From the corner Helander unleashed a left-footed half-volley that was more danger to any passing satellites than the blank scoreline and then seconds before the whistle Kilman made a superb intervention cutting out a Morelos cut-back that would have left Parrott with the simplest of tap-ins. That still wasn’t the final action of the half as a headed clearance by Tavernier was met on the half-volley by Dean Campbell and McCrorie was forced to fall to his left and turn the ball behind for a corner.

The whilst brought an action-packed 45-minutes to a conclusion with the scoreline mystifyingly blank. Everyone trooped off the field and into the dressing rooms, Derek McInnes no doubt heartened and encouraged by his side’s performance. I wasn’t too disappointed by my own side’s efforts.

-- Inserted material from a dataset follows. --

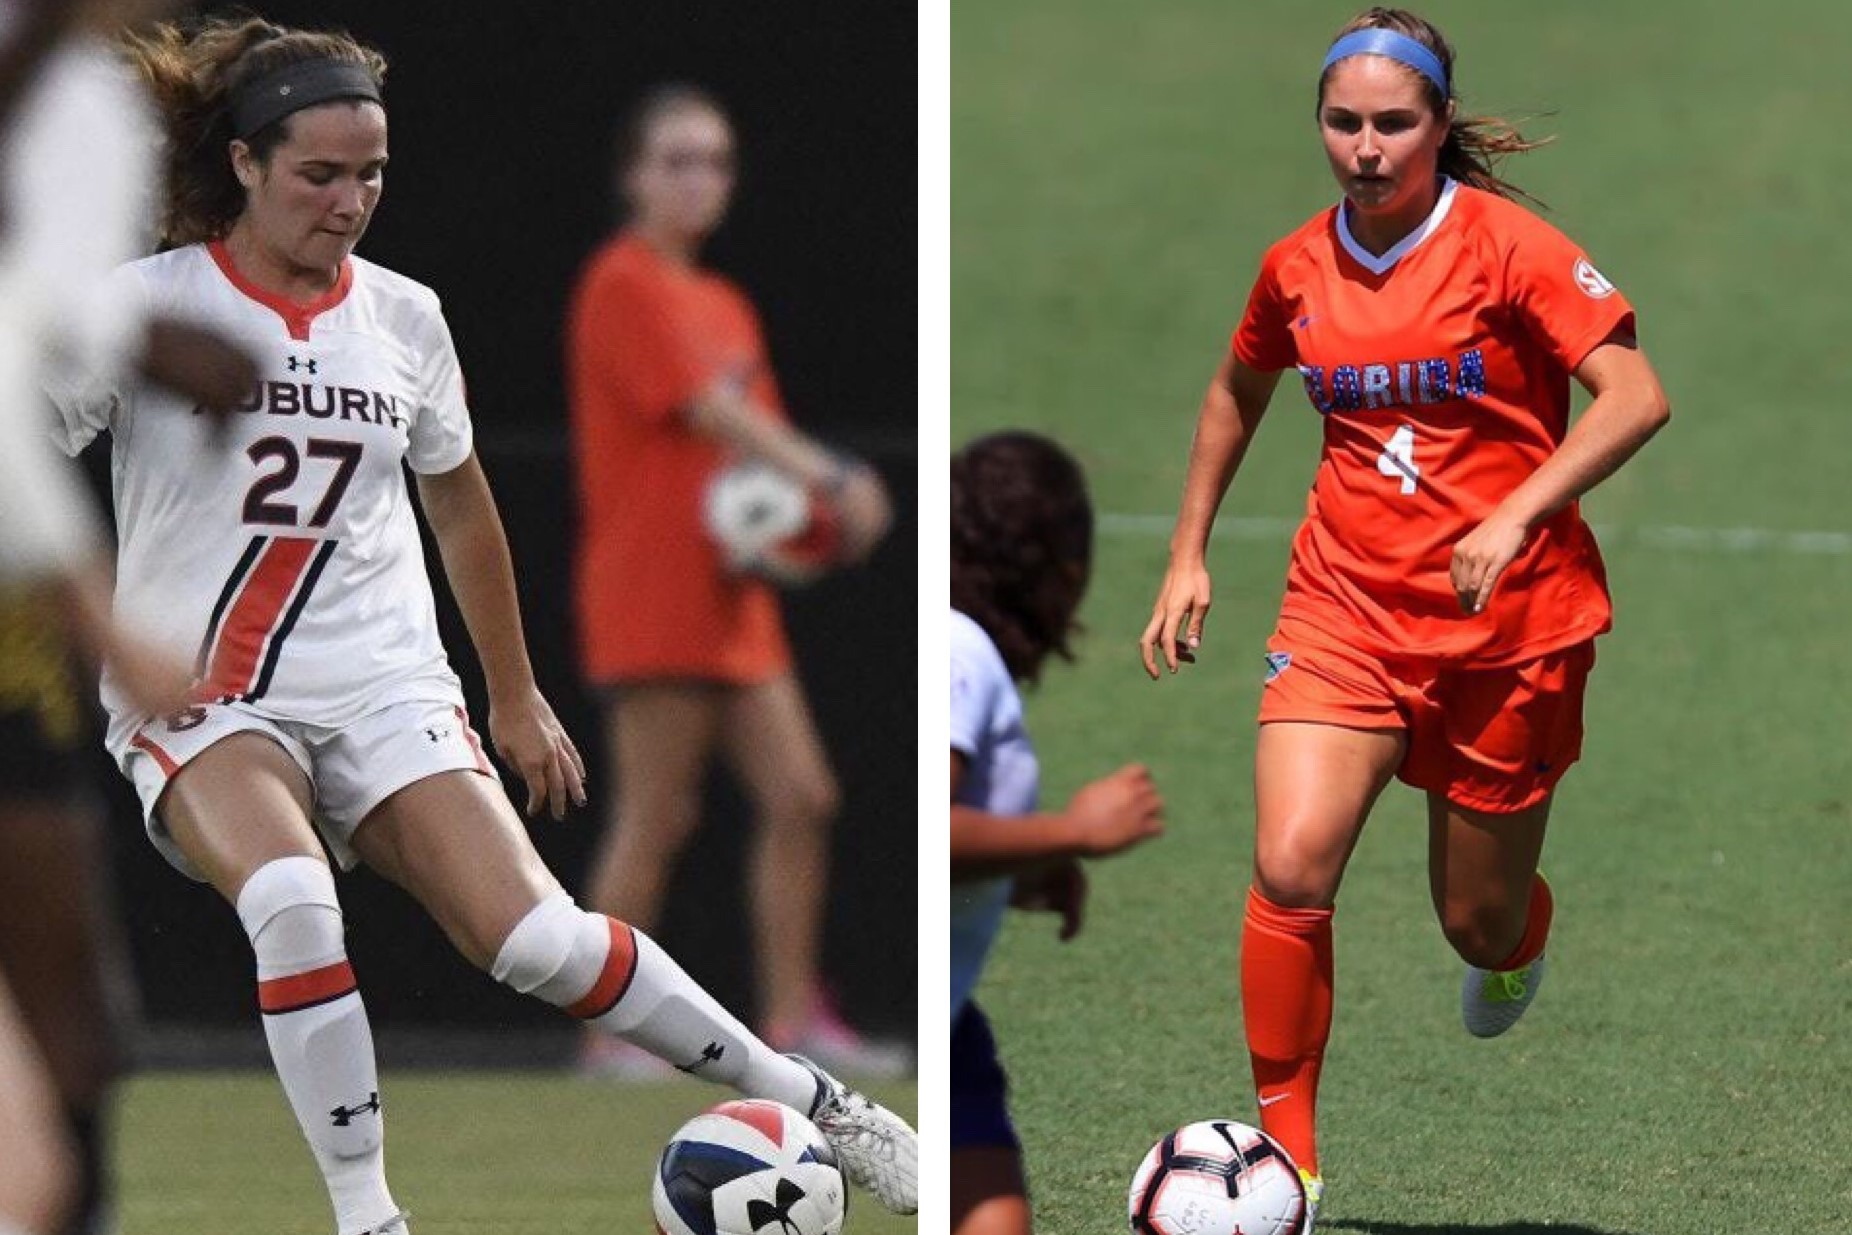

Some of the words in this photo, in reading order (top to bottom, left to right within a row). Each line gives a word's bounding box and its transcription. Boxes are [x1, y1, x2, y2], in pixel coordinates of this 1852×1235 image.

[193, 380, 401, 428] UBURN
[242, 435, 364, 528] 27
[1376, 424, 1421, 496] 4

I waited for a couple of minutes whilst the boys settled down, got some refreshment and took their seats before starting.

‘Hey, overall that’s been good, lads. A bit of a funny five minutes where we stopped doing the simple things well and tried to do the complex things badly. You’ve been in almost full control and know as well as I do that we should be ahead.’ I looked around the room and saw every set of eyes trained on me. ‘Just a couple of things for the second half. Keep working the ball, keep moving off the ball, they can’t live with you when you do that. Chances will come, we know that and keep getting your shots off. He can’t save everything. Don’t get frustrated, remain patient, it’s going to come. Okay?’ Nods and murmurs of assent. ‘Good. Macca, over to you, pal.’

My number two highlighted the two or three times we’d been caught out at the far post and really urged us to remain a lot more vigilant with balls into our box.

‘Hey, get that first goal, lads. That’s the key. Well done, keep it going. Do what you need to do in the next seven minutes and go again.’

I left them to it by and large, just going around the room to have a couple of quiet words with people, but keeping the message positive, all the while nursing a nagging feeling at the back of my mind that this could end up as being One Of Those Days.

The buzzer quickly went. We’d find out whether it would be soon enough.